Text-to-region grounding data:
---+---
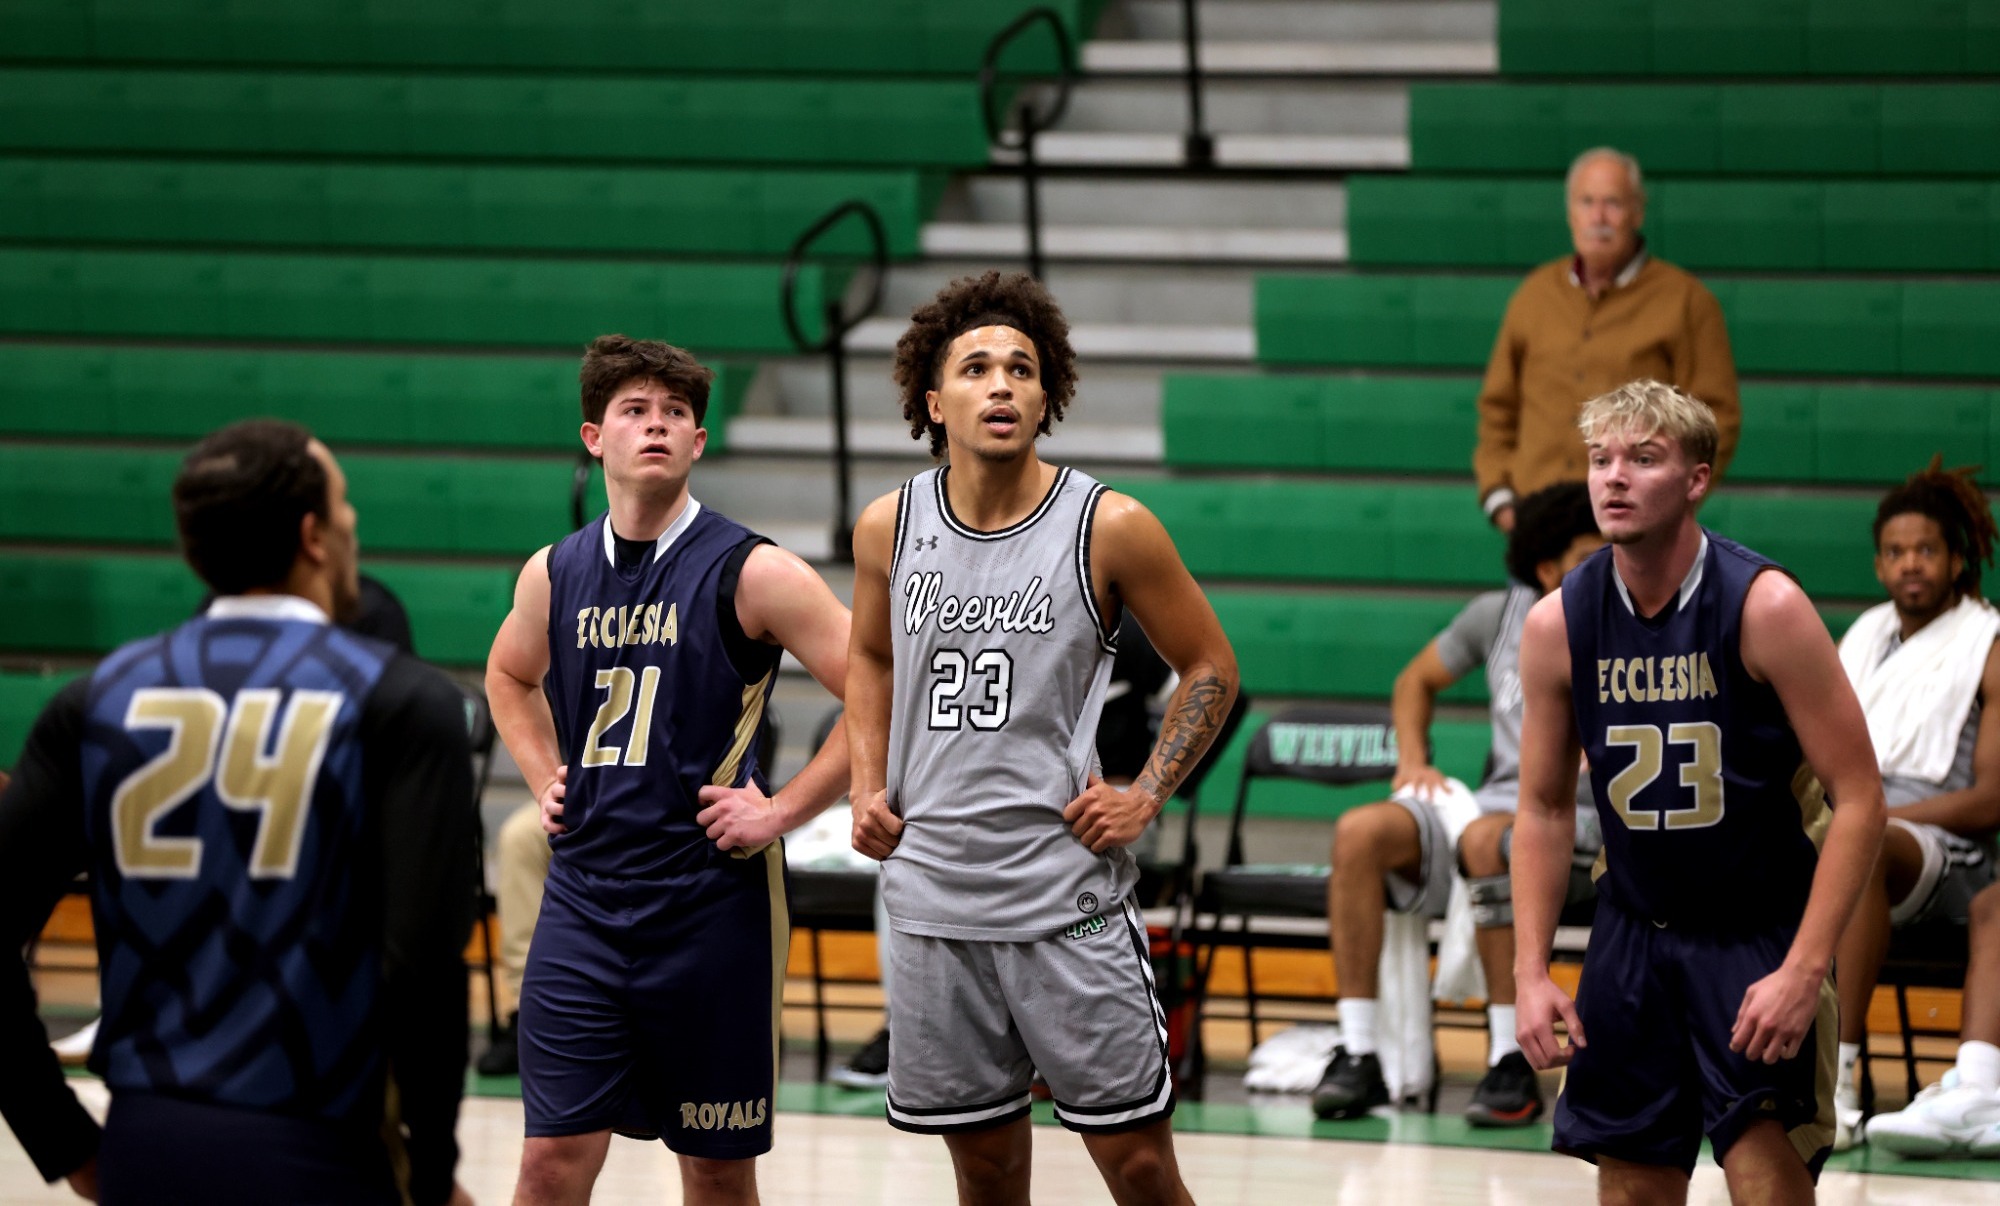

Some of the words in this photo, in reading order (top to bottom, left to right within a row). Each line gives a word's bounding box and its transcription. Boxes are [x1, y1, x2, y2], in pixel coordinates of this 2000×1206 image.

[577, 601, 678, 649] ECCLESIA
[904, 571, 1054, 635] Weevils
[928, 647, 1014, 731] 23
[1597, 652, 1718, 703] ECCLESIA
[581, 666, 661, 768] 21
[110, 687, 344, 879] 24
[1605, 721, 1725, 830] 23
[679, 1097, 767, 1130] ROYALS
---+---
ACTIVITY: I'd like the records above given again exactly, please, without the pictures.

TASK OUTPUT:
Some of the words in this photo, in reading order (top to bottom, left to right within a row). Each line gives a word's bounding box and its transcription. Boxes are [x1, y1, x2, y2], in pixel coordinates of this 2000×1206 image.

[577, 601, 678, 649] ECCLESIA
[904, 571, 1054, 635] Weevils
[928, 647, 1014, 731] 23
[1597, 652, 1718, 703] ECCLESIA
[581, 666, 661, 768] 21
[110, 687, 344, 879] 24
[1605, 721, 1725, 830] 23
[679, 1097, 767, 1130] ROYALS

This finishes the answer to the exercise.